The United Nations (UN) recently reported that, shockingly, only 38% of governments globally have published an international cyber security strategy. The organisation also highlighted that there is a huge chasm between countries in terms of awareness, understanding, knowledge and the ability to deploy cyber security capabilities and programs “to ensure a safe and appropriate use of technology as an enabler for economic development”.
While many organisations in South Africa are looking to develop and introduce e-services, many are not considering security gaps, loss of information, and other threats.
The increasing adoption of mobile technology, the internet, online banking, e-commerce and social media have marked out developing IT landscapes as major targets for cybercriminals who are singling out everyone from consumers to government and commercial organisations as a potential hit.
A Serianu report entitled “Demystifying Africa’s Cyber Security Poverty Line”, published in 2017, estimated that over 90% of African organisations are operating below the security poverty line, which significantly exposes them to security risks.
The Wannacry ransomware attack, which caused more than 45,000 infected machines globally, was felt strongly in India, which accounted for 5% of all infected machines, according to Kaspersky Labs. The median total cost of a ransomware attack for South Africa was estimated to be around R1.7 million with 48% of organisations incurring some sort of costs, according to the State of Endpoint Security survey, 2017.
It was found that 82% of South African enterprises surveyed in the Fortinet 2017 Global Enterprise Security Survey had been victims of a security breach in the past two years. Top threats experienced were malware and ransomware. Furthermore, Kaspersky Security Network statistics revealed that there were over 4.6 million cyber-attacks and malware infections on computers and mobile devices in South Africa, which was approximately 10% of the region’s total number.
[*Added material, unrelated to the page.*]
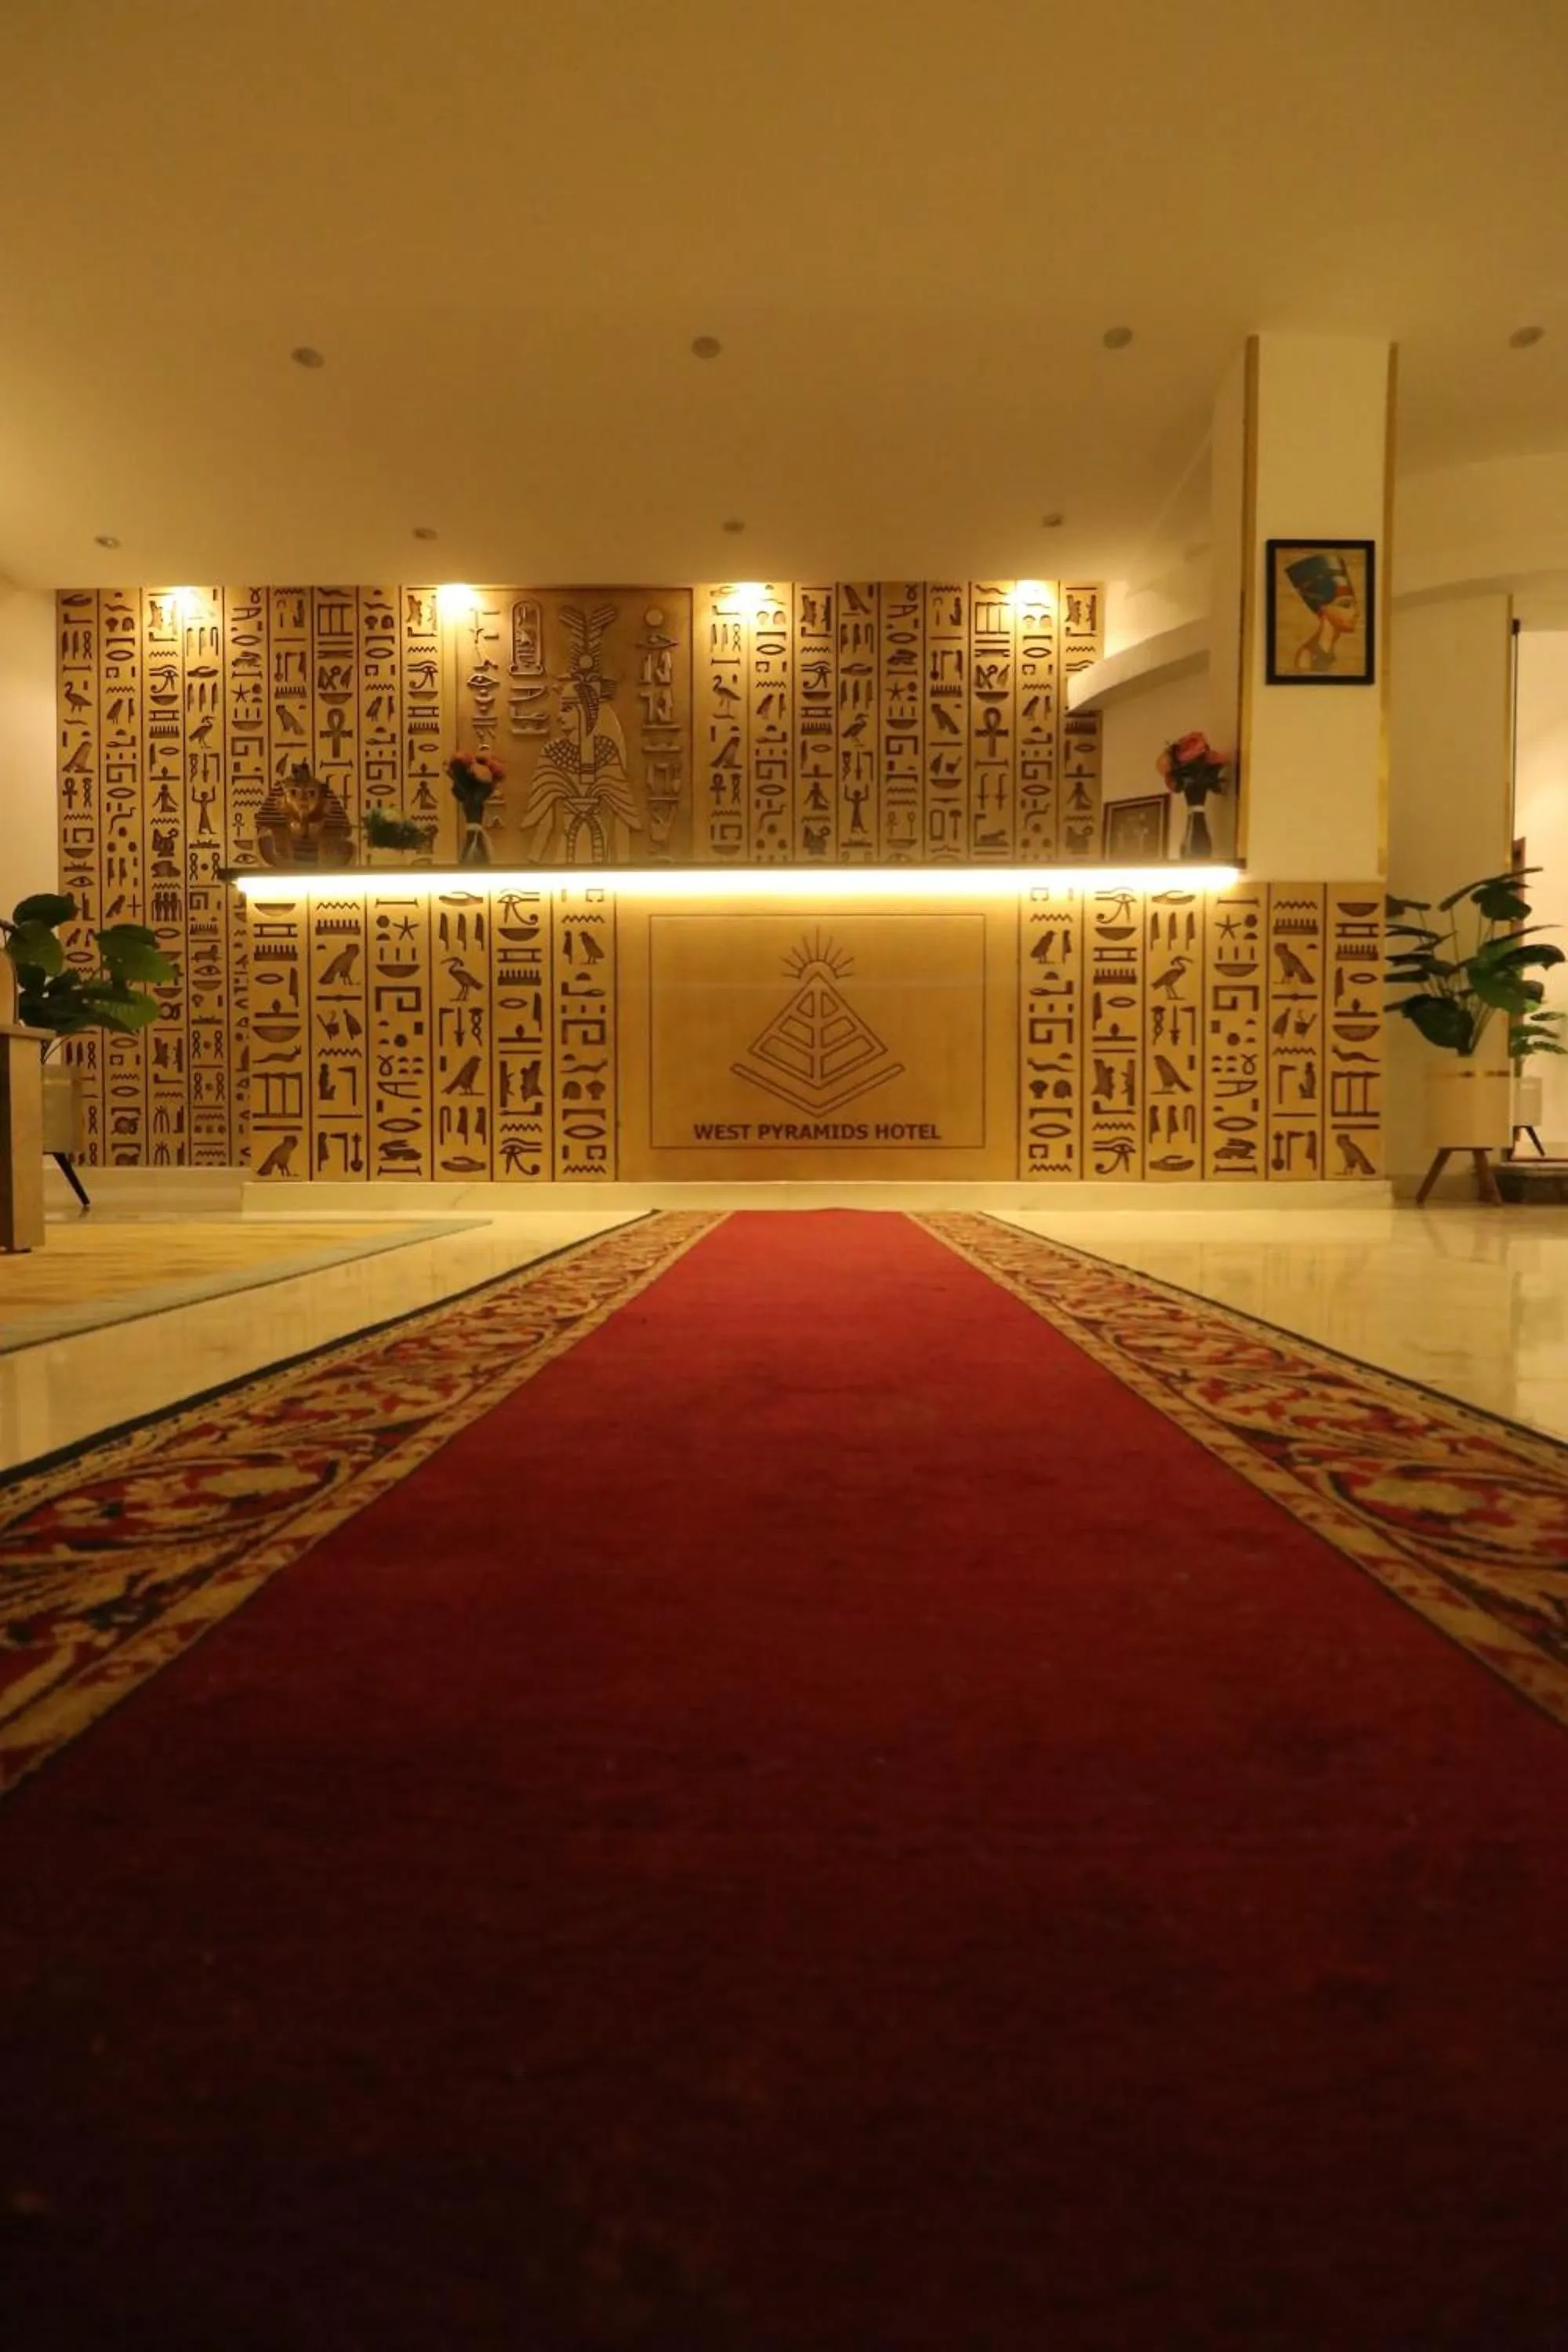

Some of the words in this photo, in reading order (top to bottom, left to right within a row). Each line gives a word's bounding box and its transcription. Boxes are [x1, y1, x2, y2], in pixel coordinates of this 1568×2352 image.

[694, 1123, 752, 1140] WEST
[758, 1123, 868, 1140] PYRAMIDS
[875, 1123, 942, 1140] HOTEL
In South Africa’s edition of the Global Economic Crime & Fraud Survey 2018, only 46% of respondents globally said their organisations have still not conducted any kind of risk assessment for fraud or economic crime. Only about three in four South African organisations said they had conducted any kind of fraud or economic crime risk assessment.
While South Africa is working to put cyber security strategies in place, at varying degrees of maturity alongside Kenya and Nigeria, countries such as Ethiopia, Rwanda and Lesotho are only just beginning the process.
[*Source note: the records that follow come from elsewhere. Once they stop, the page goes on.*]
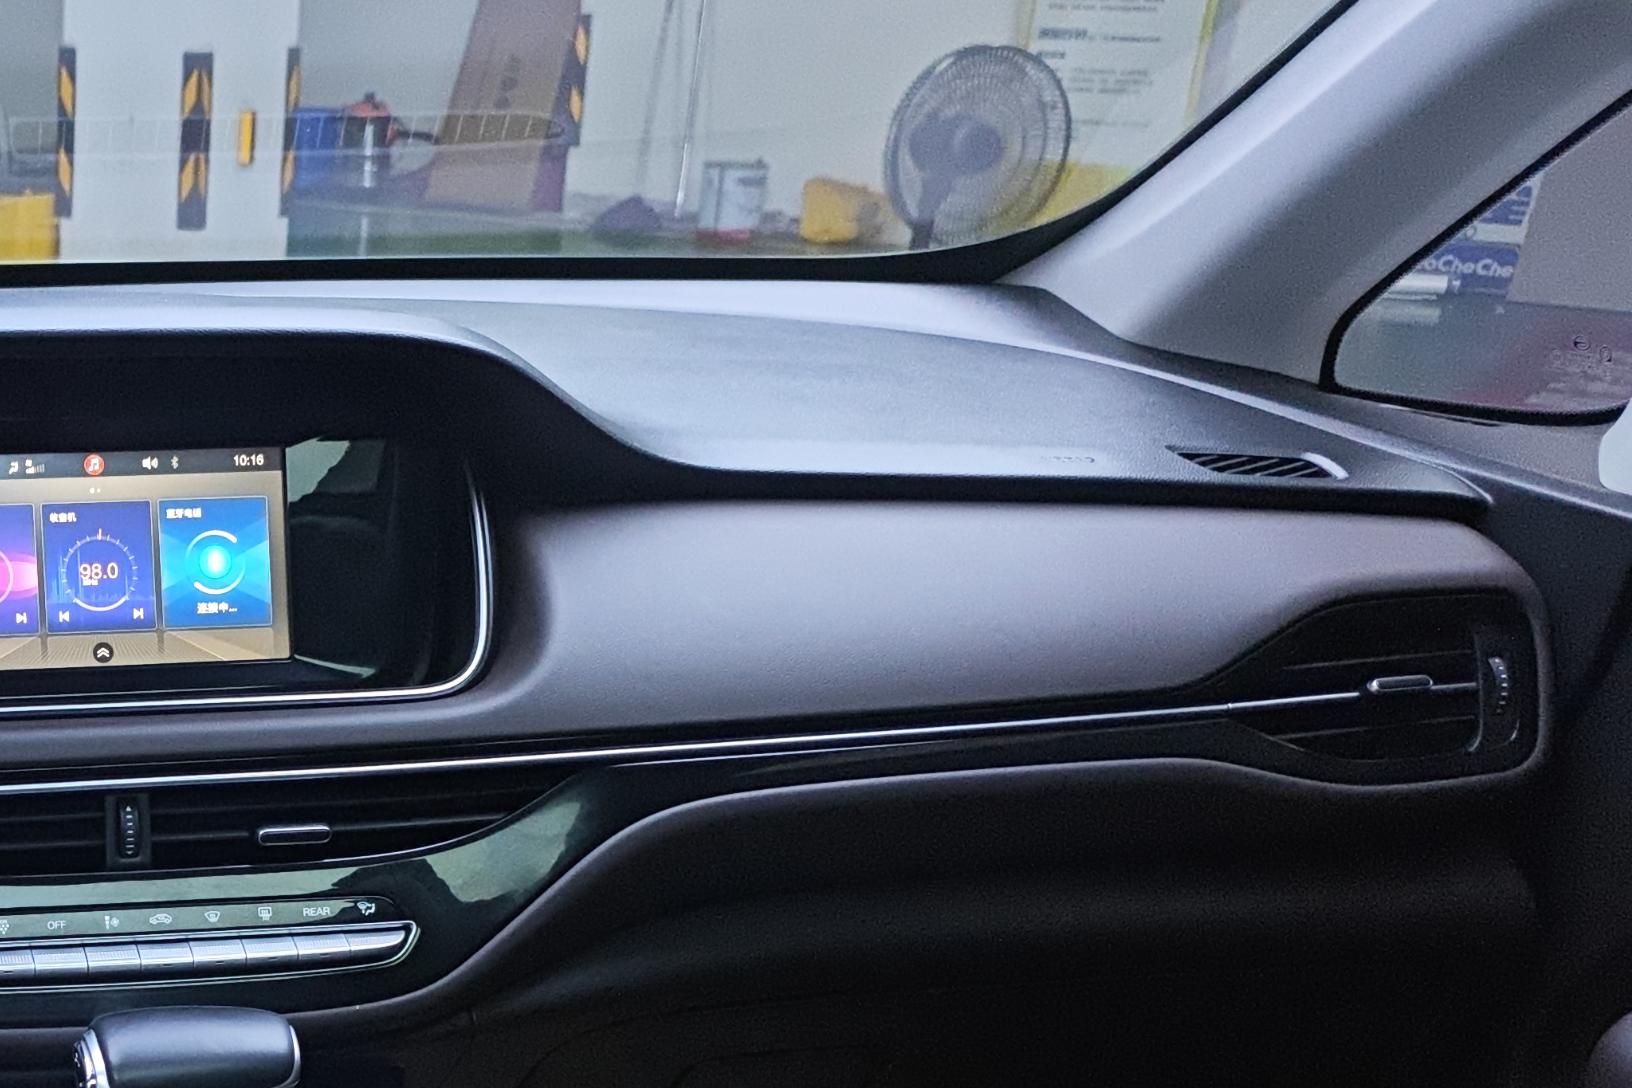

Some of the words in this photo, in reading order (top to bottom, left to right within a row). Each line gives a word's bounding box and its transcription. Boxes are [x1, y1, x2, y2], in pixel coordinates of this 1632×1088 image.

[233, 454, 264, 467] 10:16
[79, 562, 119, 580] 98.0
[303, 907, 330, 917] REAR
[47, 920, 67, 930] OFF
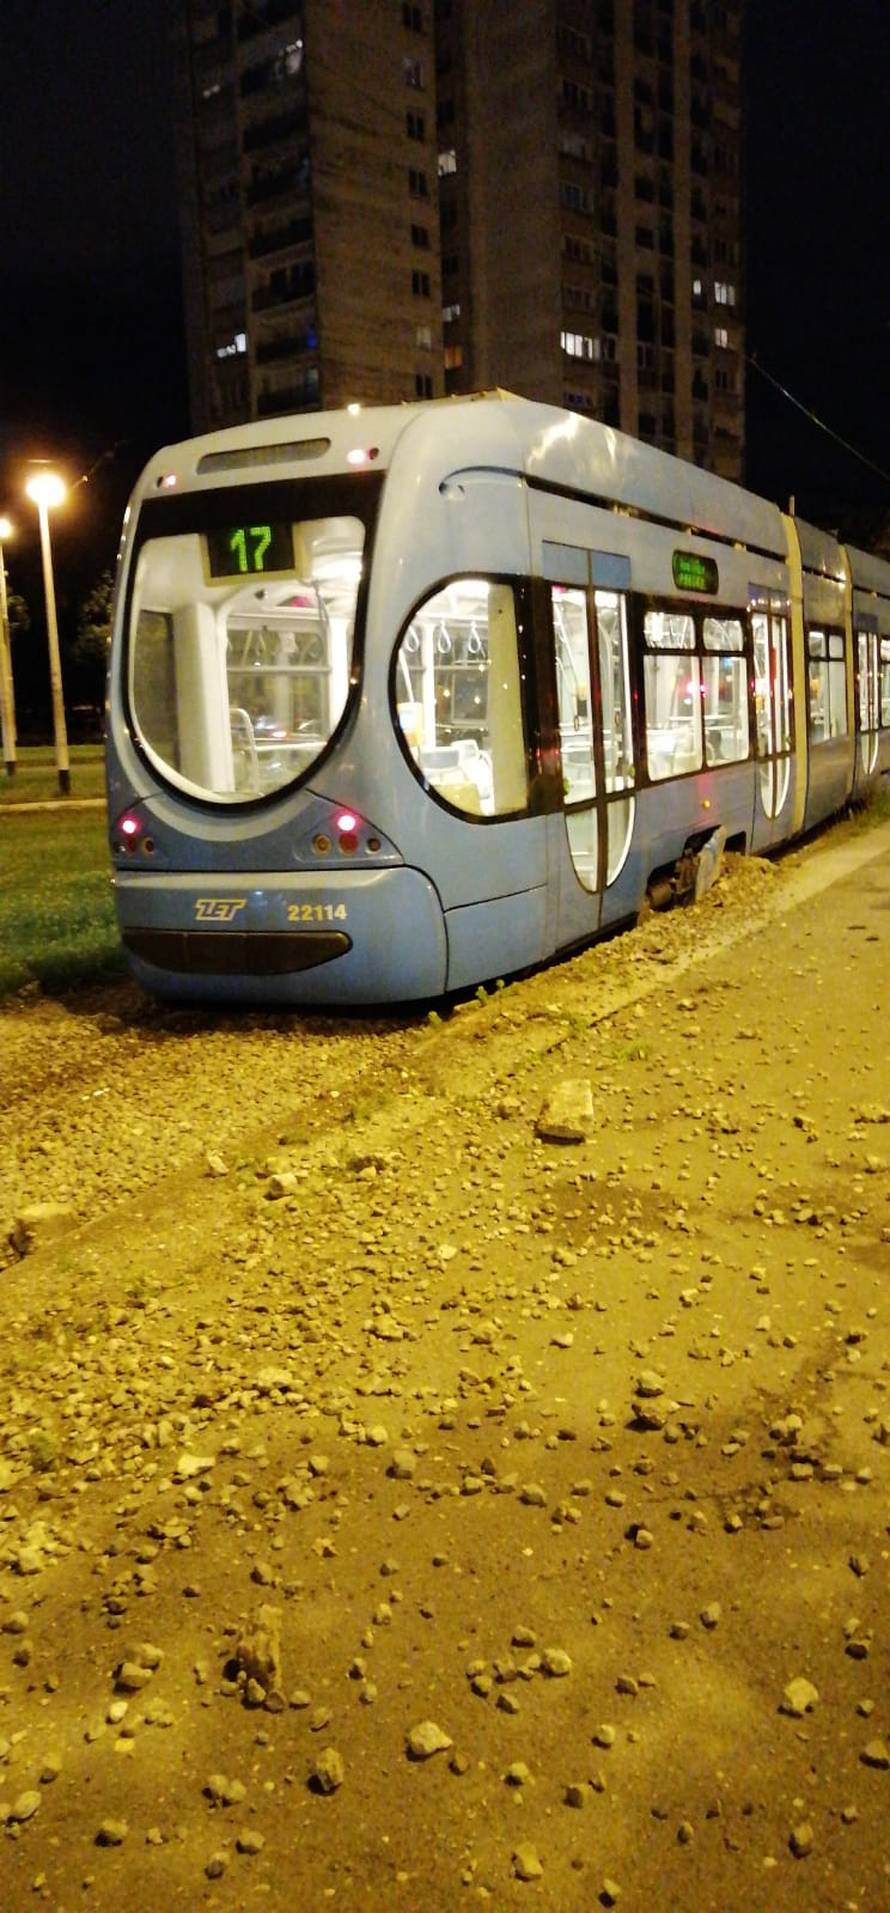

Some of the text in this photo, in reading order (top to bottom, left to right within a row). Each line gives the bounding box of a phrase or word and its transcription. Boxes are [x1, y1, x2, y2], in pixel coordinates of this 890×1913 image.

[230, 526, 271, 572] 17
[195, 899, 246, 921] ZET
[287, 904, 348, 922] 22114
Opening the doors to cybercriminals
The risks have grown as emerging markets have rushed to join the digital revolution, often without regard for security or viewing it as an afterthought.
According to the We are Social Digital in 2017 report, globally there are 3.7bil internet users, which is about 50% of the global population, and out of South Africa’s 55.2 million total population, there are 28.6million Internet users, which makes up 52% of the country’s population. Additionally, the number of mobile users has increased by 30% since 2016.
As the Internet penetration rate continues to rise, the threat of cybercrime becomes more real.
Size of attacks increasing
Lack of security best practice awareness, user education and slow government enforcement of security policies are leaving these countries exposed. Earlier this year for example, Kaspersky Labs told of a large Brazilian bank which had its entire Internet footprint taken over by cybercriminals. The name of the bank wasn’t released, but Kaspersky Labs said it was a warning to organisations to consider the security of their Domain Name System (DNS). Chain reaction attacks have also been seen in developing countries.
Hackers are increasingly operating from developing countries, with South Africa being one of the most targeted. Hackers take advantage of weak or non-existent security strategies and ultra-cheap for-hire hacking skills on the dark web – which has become of global concern. And it isn’t going to stop anytime soon unless nations pull together.
The UN, along with other stakeholders, is advocating for more co-operation between the developed and the developing world to help train local cyber security experts and assist with cyber security strategies. Only time will tell if such collaboration will work – and as security experts acknowledge, time is at a premium.